> [Assignment] Return nothing except the lines from the one that contains "this 1920×1440 image." through the end of the material below, each exactly as given.
= Beginning of Section =
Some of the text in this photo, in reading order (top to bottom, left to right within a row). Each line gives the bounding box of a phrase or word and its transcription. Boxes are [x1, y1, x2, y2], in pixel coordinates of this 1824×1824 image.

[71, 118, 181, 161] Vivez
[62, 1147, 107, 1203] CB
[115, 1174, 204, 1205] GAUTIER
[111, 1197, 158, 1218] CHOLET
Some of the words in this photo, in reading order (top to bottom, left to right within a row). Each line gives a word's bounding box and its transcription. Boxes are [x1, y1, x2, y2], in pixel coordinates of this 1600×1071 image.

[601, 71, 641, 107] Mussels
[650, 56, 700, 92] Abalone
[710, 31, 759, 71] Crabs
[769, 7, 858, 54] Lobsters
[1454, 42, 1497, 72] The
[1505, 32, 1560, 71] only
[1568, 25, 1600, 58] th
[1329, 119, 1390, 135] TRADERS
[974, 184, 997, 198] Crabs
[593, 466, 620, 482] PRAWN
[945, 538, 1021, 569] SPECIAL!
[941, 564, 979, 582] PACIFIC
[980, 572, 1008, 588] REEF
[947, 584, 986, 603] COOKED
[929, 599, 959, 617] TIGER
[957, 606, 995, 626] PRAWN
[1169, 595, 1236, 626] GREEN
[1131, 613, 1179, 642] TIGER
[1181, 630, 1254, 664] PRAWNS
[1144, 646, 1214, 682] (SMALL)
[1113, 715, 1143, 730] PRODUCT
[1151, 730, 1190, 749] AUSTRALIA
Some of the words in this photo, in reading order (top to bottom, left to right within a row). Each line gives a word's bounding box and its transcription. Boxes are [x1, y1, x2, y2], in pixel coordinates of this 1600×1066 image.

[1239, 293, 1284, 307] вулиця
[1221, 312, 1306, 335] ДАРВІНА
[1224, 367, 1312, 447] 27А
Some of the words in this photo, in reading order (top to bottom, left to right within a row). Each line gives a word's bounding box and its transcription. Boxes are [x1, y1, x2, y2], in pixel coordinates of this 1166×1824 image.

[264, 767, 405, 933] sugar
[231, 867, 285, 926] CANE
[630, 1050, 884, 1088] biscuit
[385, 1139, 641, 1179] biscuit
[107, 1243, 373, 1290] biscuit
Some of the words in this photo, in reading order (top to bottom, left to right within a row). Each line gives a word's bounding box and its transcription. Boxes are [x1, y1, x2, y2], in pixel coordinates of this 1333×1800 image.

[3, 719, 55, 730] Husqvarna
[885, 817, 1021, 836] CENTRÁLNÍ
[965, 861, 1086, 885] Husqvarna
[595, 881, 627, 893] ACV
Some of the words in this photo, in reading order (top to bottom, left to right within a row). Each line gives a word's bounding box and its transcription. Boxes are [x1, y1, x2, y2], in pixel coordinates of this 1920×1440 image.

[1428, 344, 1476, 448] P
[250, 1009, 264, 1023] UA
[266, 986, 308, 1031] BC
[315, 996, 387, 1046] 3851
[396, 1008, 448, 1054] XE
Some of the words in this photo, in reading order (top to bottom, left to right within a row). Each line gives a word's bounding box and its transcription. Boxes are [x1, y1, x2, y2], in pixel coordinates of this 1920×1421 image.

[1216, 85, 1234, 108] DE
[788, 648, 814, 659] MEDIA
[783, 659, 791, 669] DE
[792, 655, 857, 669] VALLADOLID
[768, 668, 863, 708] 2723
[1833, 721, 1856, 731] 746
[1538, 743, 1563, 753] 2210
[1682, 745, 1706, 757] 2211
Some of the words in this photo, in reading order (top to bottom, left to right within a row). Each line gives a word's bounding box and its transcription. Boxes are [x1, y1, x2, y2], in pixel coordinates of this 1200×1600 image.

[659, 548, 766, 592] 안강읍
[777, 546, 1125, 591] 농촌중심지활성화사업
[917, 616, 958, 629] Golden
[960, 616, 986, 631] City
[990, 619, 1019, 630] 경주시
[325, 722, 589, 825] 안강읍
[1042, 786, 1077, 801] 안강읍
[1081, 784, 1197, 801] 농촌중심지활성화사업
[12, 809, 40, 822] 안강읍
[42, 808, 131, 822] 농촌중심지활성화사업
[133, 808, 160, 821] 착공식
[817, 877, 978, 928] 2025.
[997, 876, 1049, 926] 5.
= End of Section =
> [Reply]
Some of the words in this photo, in reading order (top to bottom, left to right within a row). Each line gives a word's bounding box and its transcription. Boxes are [x1, y1, x2, y2], in pixel coordinates of this 1920×1440 image.

[1428, 344, 1476, 448] P
[250, 1009, 264, 1023] UA
[266, 986, 308, 1031] BC
[315, 996, 387, 1046] 3851
[396, 1008, 448, 1054] XE
Some of the words in this photo, in reading order (top to bottom, left to right within a row). Each line gives a word's bounding box and its transcription. Boxes are [x1, y1, x2, y2], in pixel coordinates of this 1920×1421 image.

[1216, 85, 1234, 108] DE
[788, 648, 814, 659] MEDIA
[783, 659, 791, 669] DE
[792, 655, 857, 669] VALLADOLID
[768, 668, 863, 708] 2723
[1833, 721, 1856, 731] 746
[1538, 743, 1563, 753] 2210
[1682, 745, 1706, 757] 2211
Some of the words in this photo, in reading order (top to bottom, left to right within a row). Each line gives a word's bounding box and its transcription. Boxes are [x1, y1, x2, y2], in pixel coordinates of this 1200×1600 image.

[659, 548, 766, 592] 안강읍
[777, 546, 1125, 591] 농촌중심지활성화사업
[917, 616, 958, 629] Golden
[960, 616, 986, 631] City
[990, 619, 1019, 630] 경주시
[325, 722, 589, 825] 안강읍
[1042, 786, 1077, 801] 안강읍
[1081, 784, 1197, 801] 농촌중심지활성화사업
[12, 809, 40, 822] 안강읍
[42, 808, 131, 822] 농촌중심지활성화사업
[133, 808, 160, 821] 착공식
[817, 877, 978, 928] 2025.
[997, 876, 1049, 926] 5.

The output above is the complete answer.